The Way to Produce a Person
The New York Times Opinion | David Brooks | 3 June 2013
Dylan Matthews had a fascinating piece
about a young man named Jason Trigg in The Washington Post on Sunday.
Trigg is a 25-year-old computer science graduate of the Massachusetts
Institute of Technology who has hit upon what he thinks is the way he
can do maximum good for the world. He goes to work each day at a
high-frequency trading hedge fund. But, instead of spending his ample
salary, he lives the life of a graduate student and gives a large chunk
of his money away.
Trigg has seized upon the statistic that a $2,500 donation can prevent
one death from malaria, and he figures that, over the course of a
lucrative Wall Street career, he can save many lives. He was motivated
to think this way by the utilitarian philosopher Peter Singer.

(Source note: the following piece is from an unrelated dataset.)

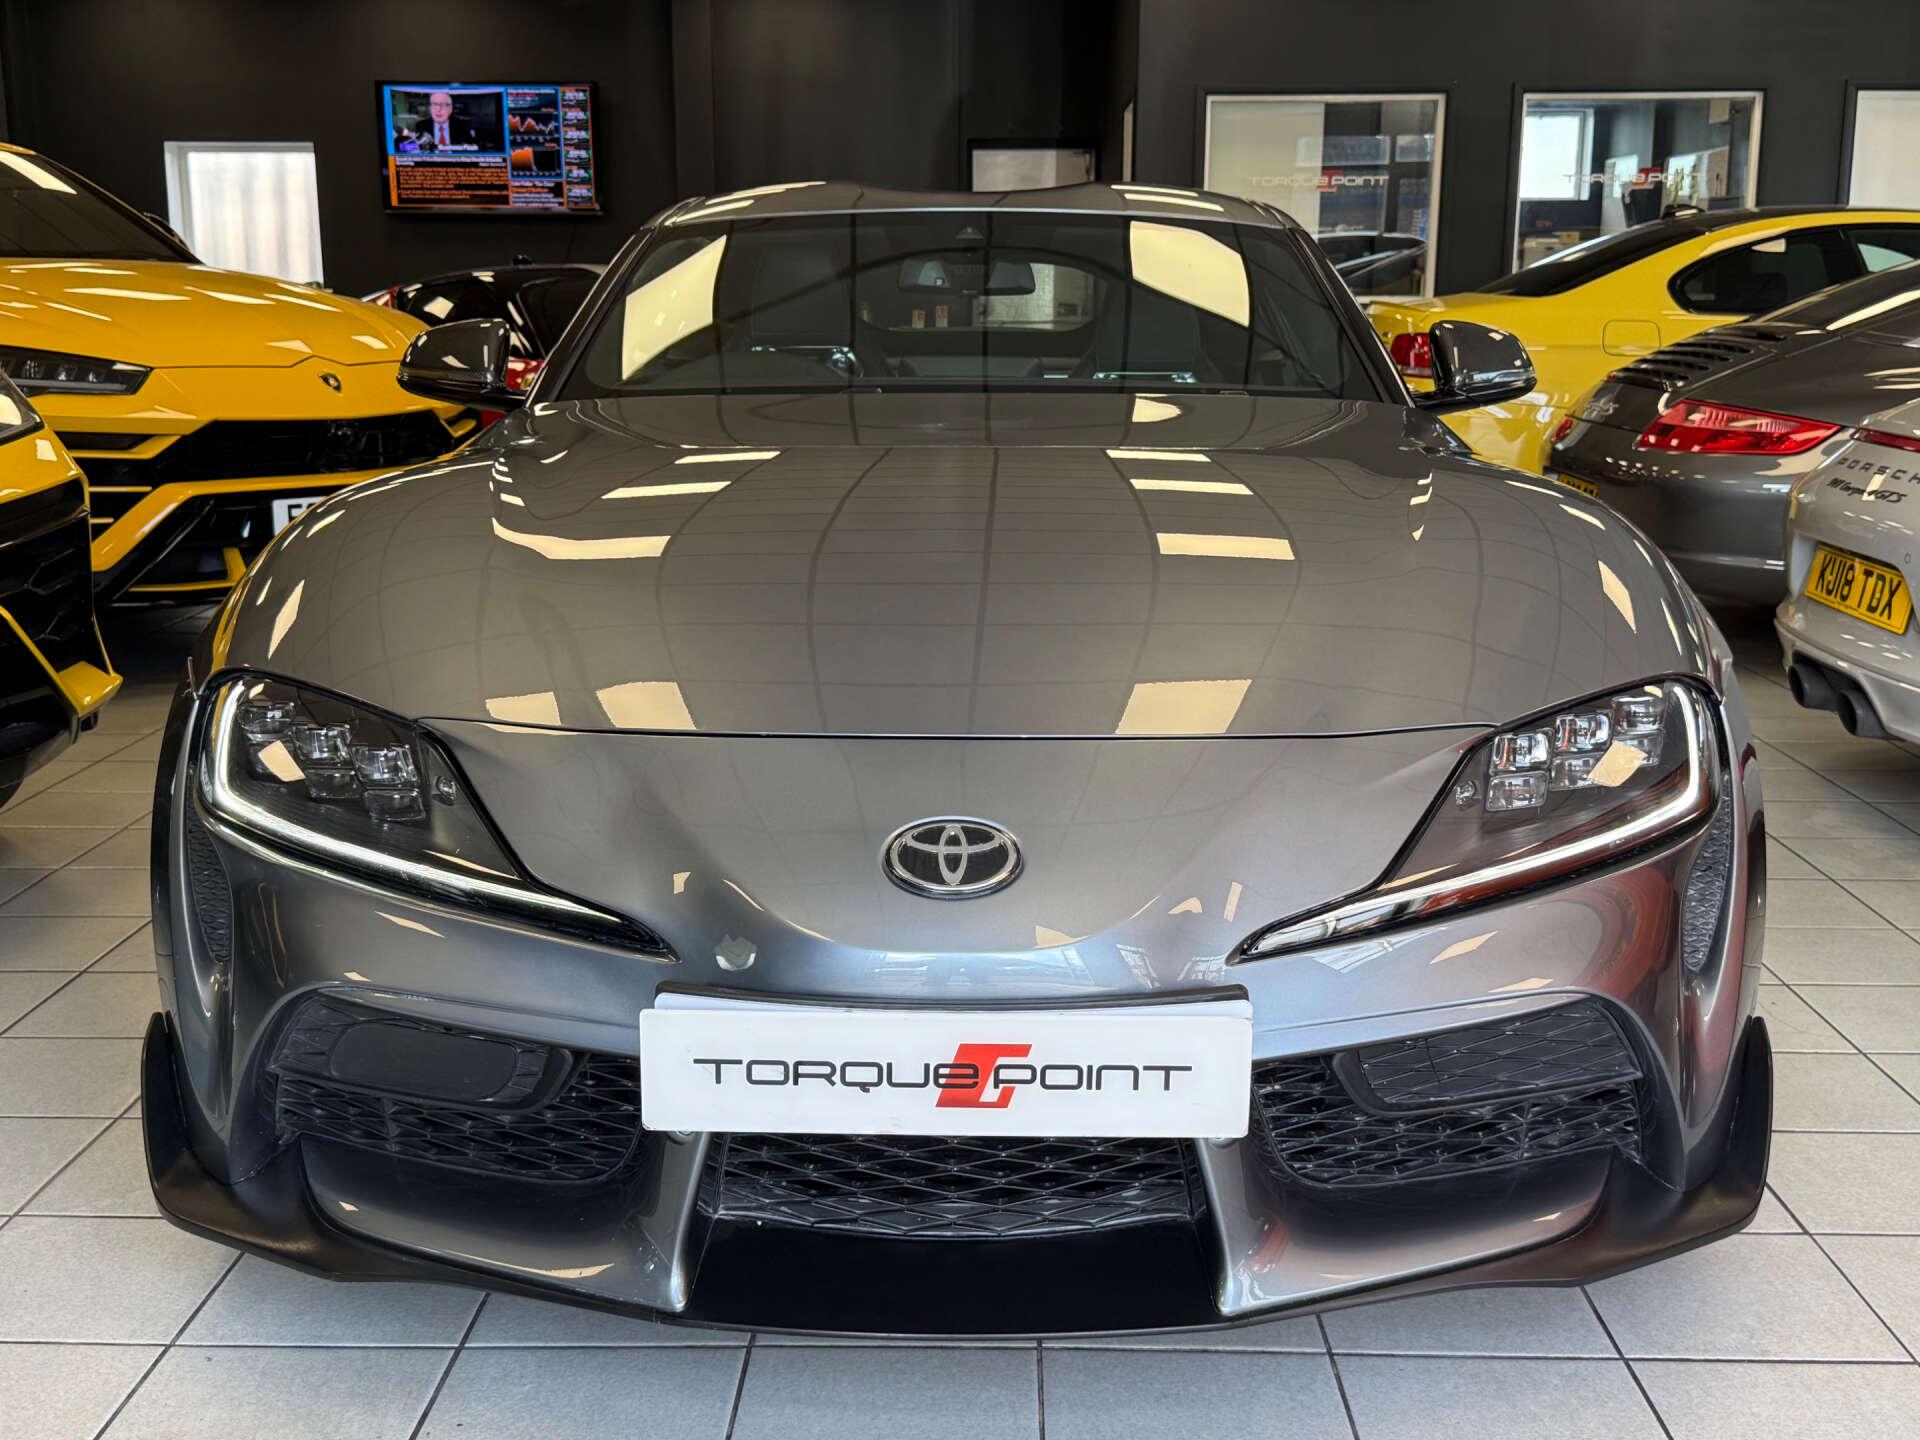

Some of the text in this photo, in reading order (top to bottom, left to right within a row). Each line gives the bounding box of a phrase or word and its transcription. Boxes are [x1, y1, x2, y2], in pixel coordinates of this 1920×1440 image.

[1331, 175, 1389, 186] POINT
[1815, 554, 1902, 620] KU18 TDX
[693, 1058, 1193, 1094] TORQUE POINT

From the article, Trigg seems like an earnest, morally serious man, who,
if he lives out his plan, could indeed help save many lives. But if you
are thinking of following his example, I would really urge caution.

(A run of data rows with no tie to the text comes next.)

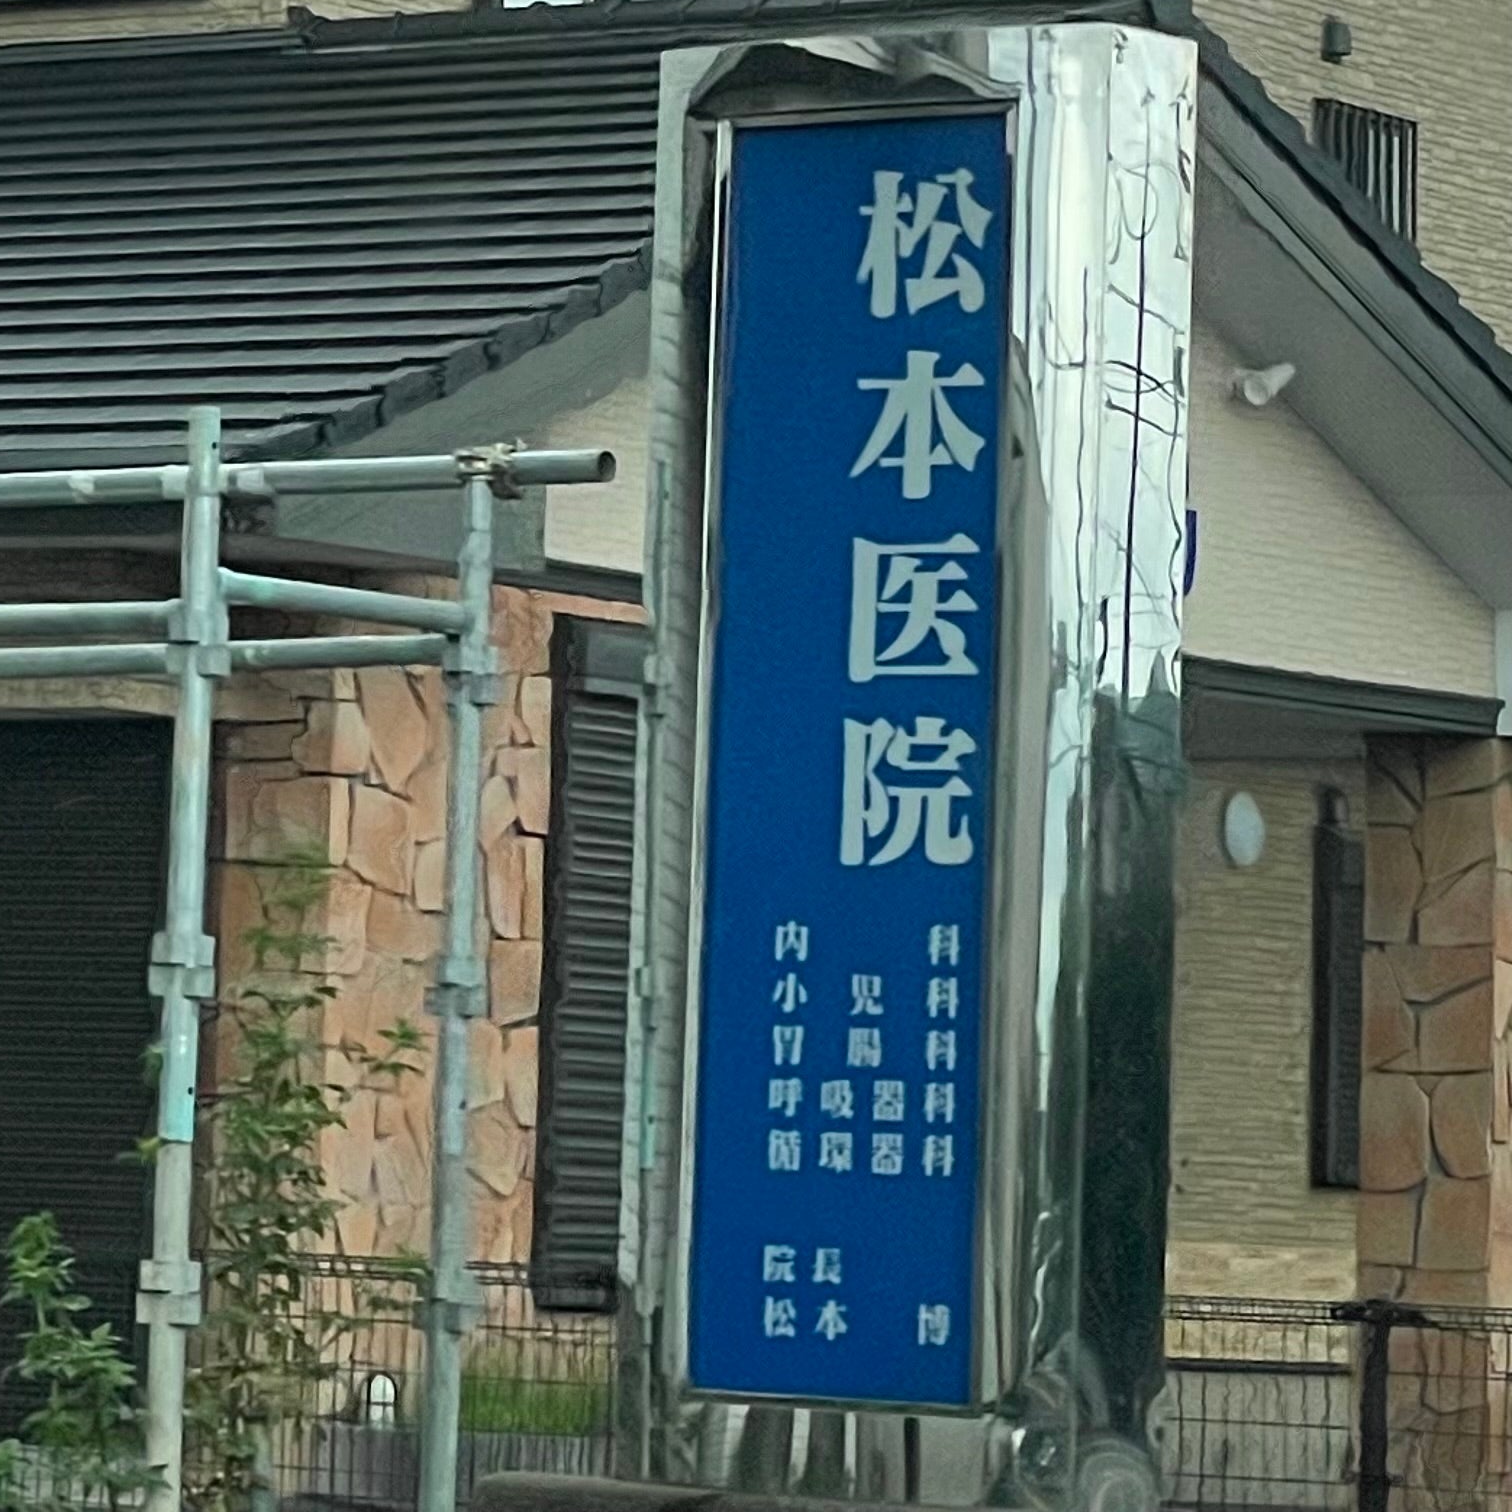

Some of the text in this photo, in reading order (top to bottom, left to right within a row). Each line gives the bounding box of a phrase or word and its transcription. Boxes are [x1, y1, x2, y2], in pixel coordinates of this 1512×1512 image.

[839, 167, 993, 867] 松本医院
[774, 920, 960, 966] 内科
[772, 972, 959, 1019] 小児科
[768, 1077, 956, 1124] 呼吸器科
[768, 1129, 955, 1177] 循環器科
[763, 1244, 842, 1285] 院長
[763, 1295, 848, 1341] 松本

First, you might start down this course seeing finance as a convenient
means to realize your deepest commitment: fighting malaria. But the
brain is a malleable organ. Every time you do an activity, or have a
thought, you are changing a piece of yourself into something slightly
different than it was before. Every hour you spend with others, you
become more like the people around you.
Gradually, you become a different person. If there is a large gap
between your daily conduct and your core commitment, you will become
more like your daily activities and less attached to your original
commitment. You will become more hedge fund, less malaria. There’s
nothing wrong with working at a hedge fund, but it’s not the priority
you started out with.
Second, I would be wary of inverting the natural order of affections. If
you see the world on a strictly intellectual level, then a child in
Pakistan or Zambia is just as valuable as your own child. But not many
people actually think this way. Not many people value abstract life
perceived as a statistic as much as the actual child being fed, hugged,
nurtured and played with.
If you choose a profession that doesn’t arouse your everyday passion for
the sake of serving instead some abstract faraway good, you might end
up as a person who values the far over the near. You might become one of
those people who loves humanity in general but not the particular
humans immediately around. You might end up enlarging the faculties we
use to perceive the far — rationality — and eclipsing the faculties we
use to interact with those closest around — affection, the capacity for
vulnerability and dependence. Instead of seeing yourself as one person
deeply embedded in a particular community, you may end up coolly looking
across humanity as a detached god.
Third, and most important, I would worry about turning yourself into a
means rather than an end. If you go to Wall Street mostly to make money
for charity, you may turn yourself into a machine for the redistribution
of wealth. You may turn yourself into a fiscal policy.
But a human life is not just a means to produce outcomes, it is an end
in itself. When we evaluate our friends, we don’t just measure the
consequences of their lives. We measure who they intrinsically are. We
don’t merely want to know if they have done good. We want to know if
they are good.
That’s why when most people pick a vocation, they don’t only want one
that will be externally useful. They want one that they will enjoy, and
that will make them a better person. They want to find that place, as
the novelist Frederick Buechner put it, “where your deep gladness and
the world’s deep hunger meet.”
If you are smart, hard-working, careful and lucky you might even be able
to find a job that is both productive and internally ennobling. Taking a
job just to make money, on the other hand, is probably going to be
corrosive, even if you use the money for charity rather than sports
cars.
We live in a relentlessly commercial culture, so it’s natural that many
people would organize their lives in utilitarian and consequentialist
terms. But it’s possible to get carried away with this kind of thinking —
to have logic but no wisdom, to become a specialist without spirit.
Making yourself is different than producing a product or an external
outcome, requiring different logic and different means. I’d think you
would be more likely to cultivate a deep soul if you put yourself in the
middle of the things that engaged you most seriously. If your
profoundest interest is dying children in Africa or Bangladesh, it’s
probably best to go to Africa or Bangladesh, not to Wall Street.